Aim of the exercise
All of the data should be copied exactly, with the pictures left out.

Free-text object descriptions
===============
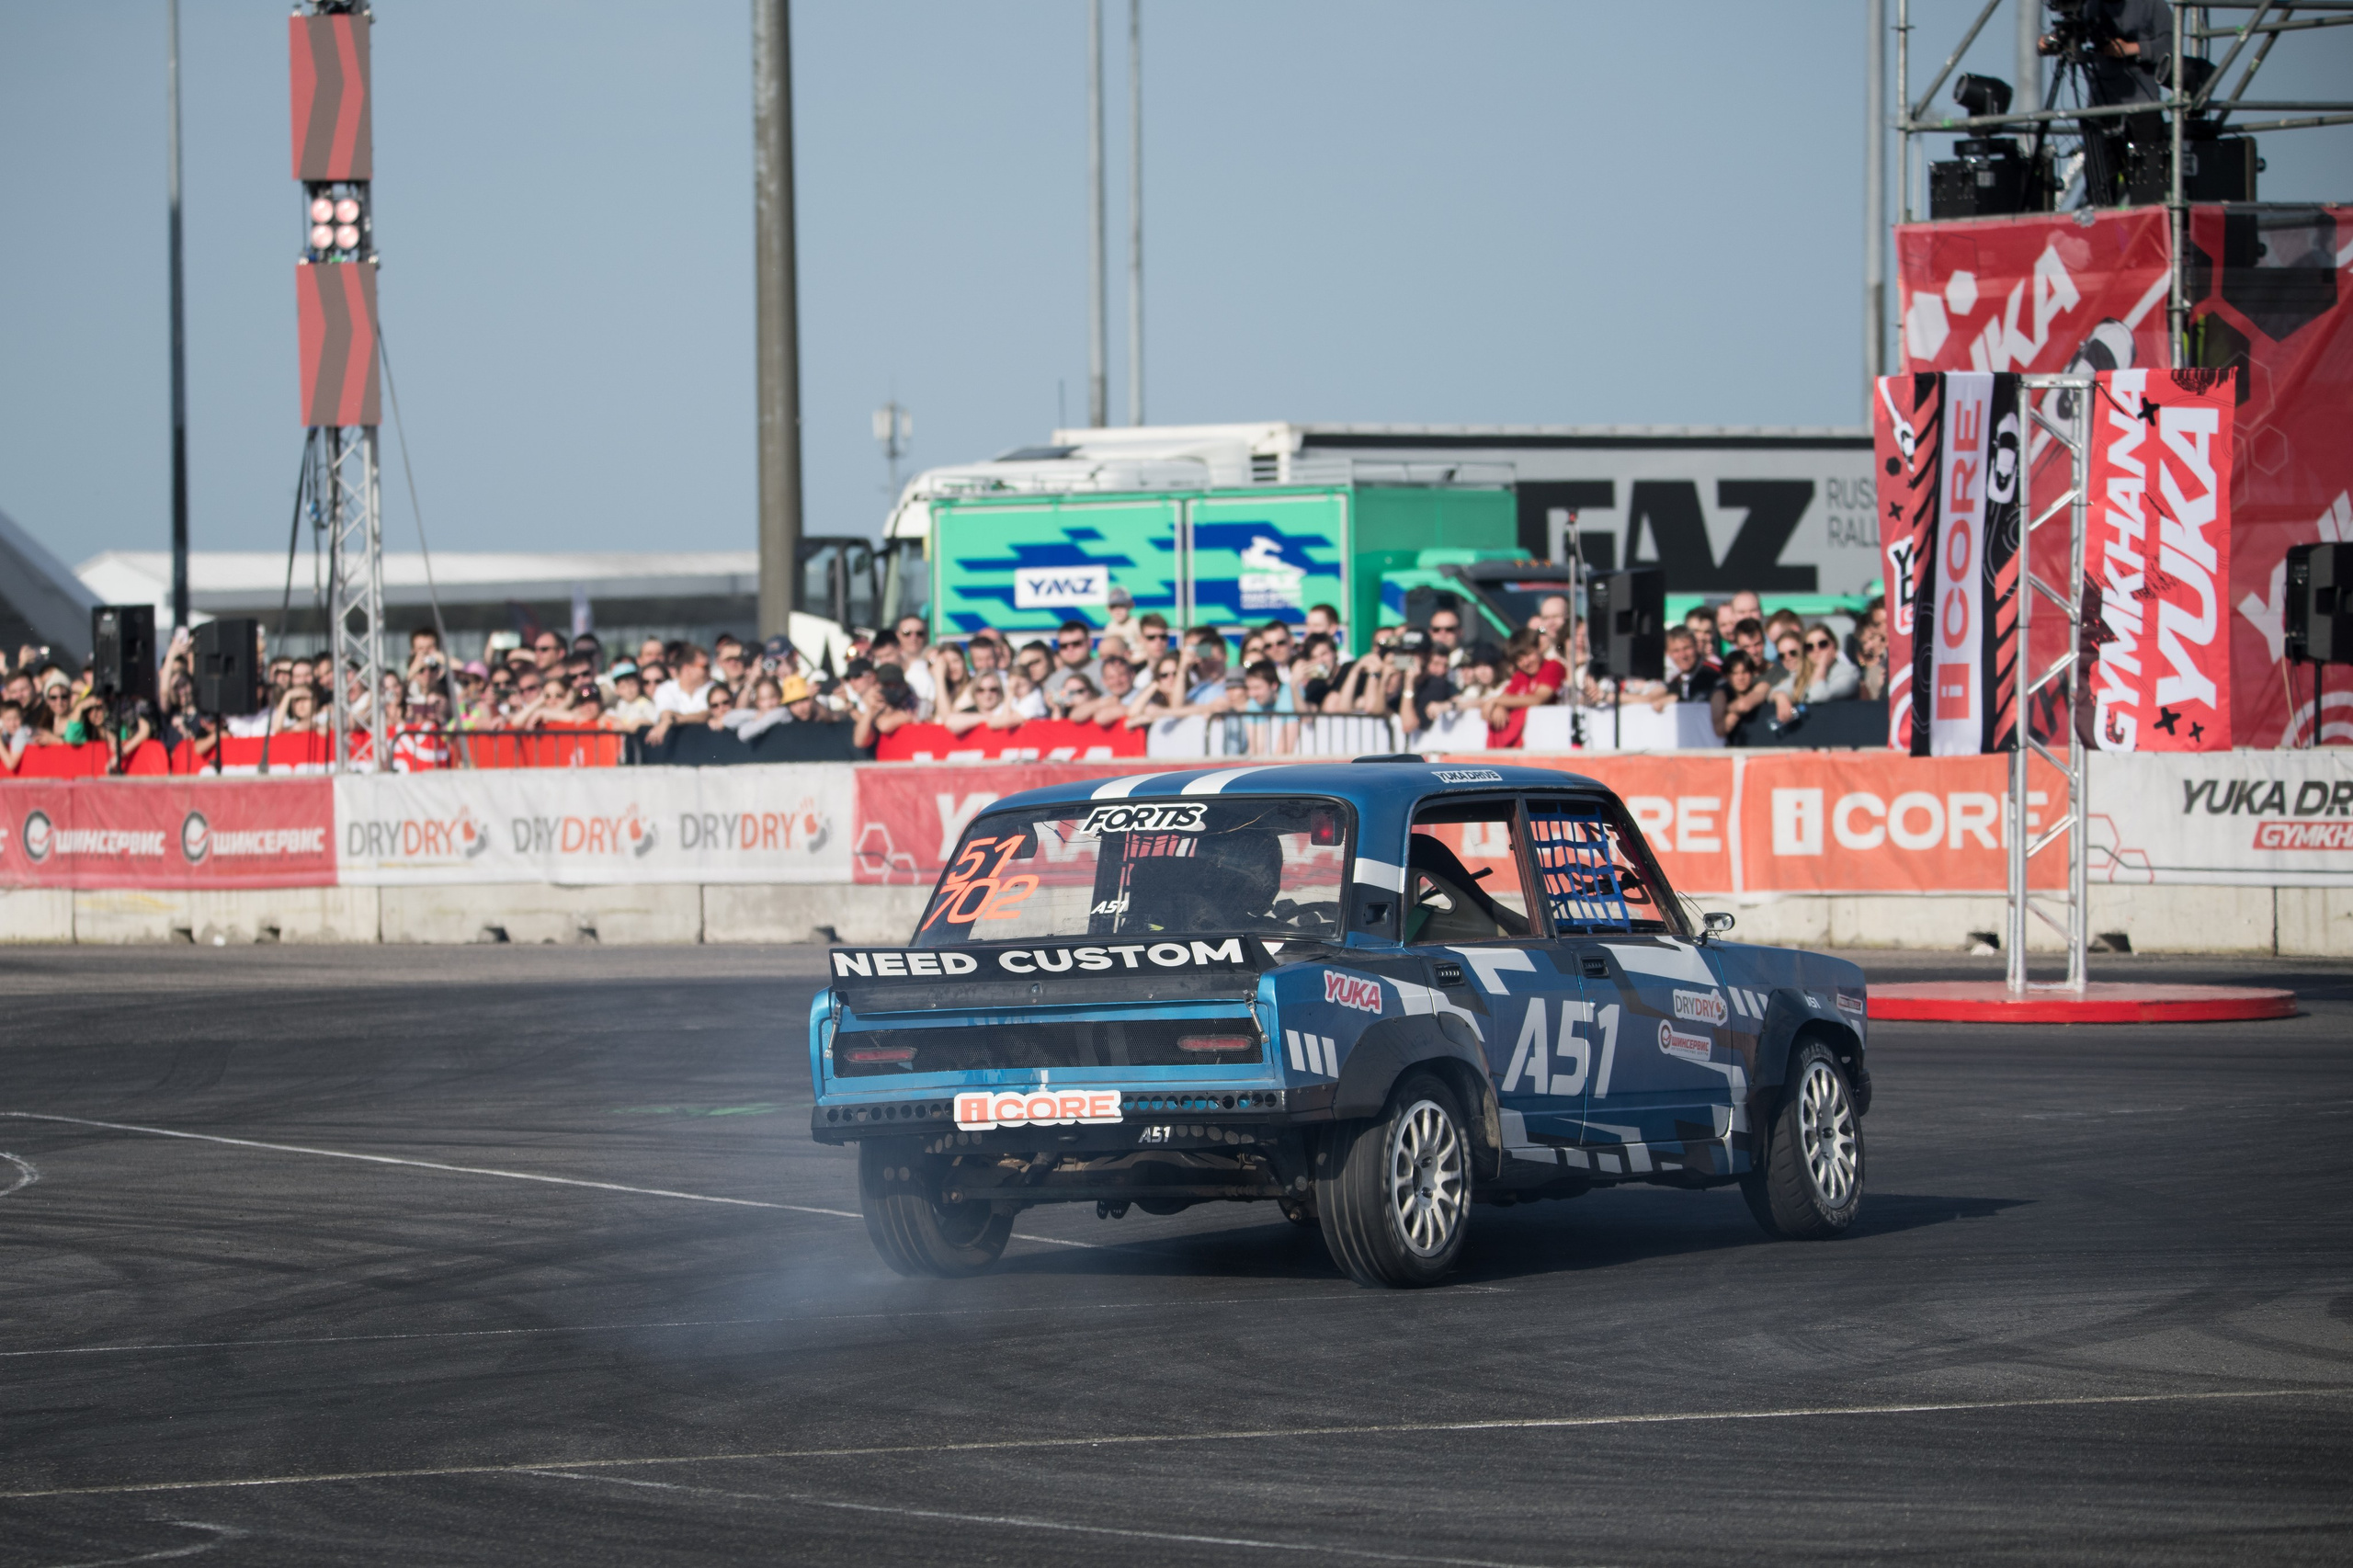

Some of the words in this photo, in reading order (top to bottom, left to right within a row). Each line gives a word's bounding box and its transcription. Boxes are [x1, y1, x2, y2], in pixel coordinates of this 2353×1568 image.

[1827, 477, 1878, 509] RUS
[2094, 369, 2149, 752] GYMKHANA
[2155, 407, 2219, 710] YUKA
[1436, 771, 1469, 781] YUKA
[1468, 770, 1499, 779] DRIVE
[2182, 779, 2286, 816] YUKA
[511, 817, 620, 854] DRYDRY
[679, 812, 797, 850] DRYDRY
[1081, 805, 1207, 832] FORTIS
[54, 829, 166, 856] ШИНСЕРВИС
[212, 827, 325, 855] ШИНСЕРВИС
[347, 821, 456, 857] DRYDRY
[947, 835, 1027, 885] 51
[921, 874, 1040, 932] 702
[1090, 900, 1129, 915] A51
[833, 951, 978, 977] NEED
[998, 937, 1245, 973] CUSTOM
[1325, 971, 1381, 1012] YUKA
[1675, 995, 1714, 1017] DRYDRY
[1501, 997, 1620, 1099] A51
[1671, 1036, 1710, 1052] ШИНСЕРВИС
[1138, 1126, 1171, 1143] A51
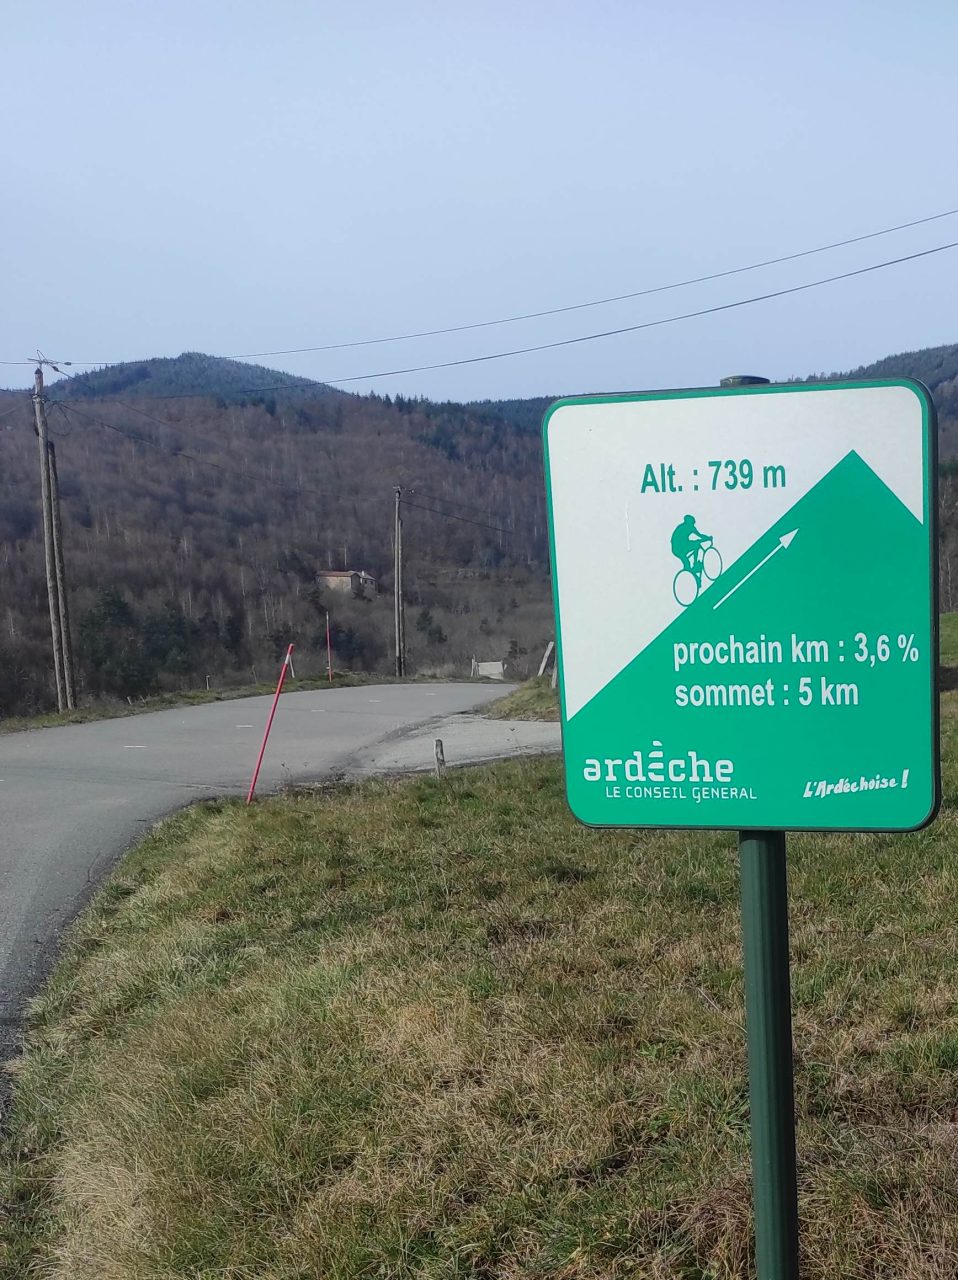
===============
Task answer
Some of the words in this photo, in reading order (top to bottom, left to right within a row). Each line gives a word's bounding box and its transcription. Boxes are [x1, y1, x2, y2], in pixel coordinates of this 2353×1568 image.

[1827, 477, 1878, 509] RUS
[2094, 369, 2149, 752] GYMKHANA
[2155, 407, 2219, 710] YUKA
[1436, 771, 1469, 781] YUKA
[1468, 770, 1499, 779] DRIVE
[2182, 779, 2286, 816] YUKA
[511, 817, 620, 854] DRYDRY
[679, 812, 797, 850] DRYDRY
[1081, 805, 1207, 832] FORTIS
[54, 829, 166, 856] ШИНСЕРВИС
[212, 827, 325, 855] ШИНСЕРВИС
[347, 821, 456, 857] DRYDRY
[947, 835, 1027, 885] 51
[921, 874, 1040, 932] 702
[1090, 900, 1129, 915] A51
[833, 951, 978, 977] NEED
[998, 937, 1245, 973] CUSTOM
[1325, 971, 1381, 1012] YUKA
[1675, 995, 1714, 1017] DRYDRY
[1501, 997, 1620, 1099] A51
[1671, 1036, 1710, 1052] ШИНСЕРВИС
[1138, 1126, 1171, 1143] A51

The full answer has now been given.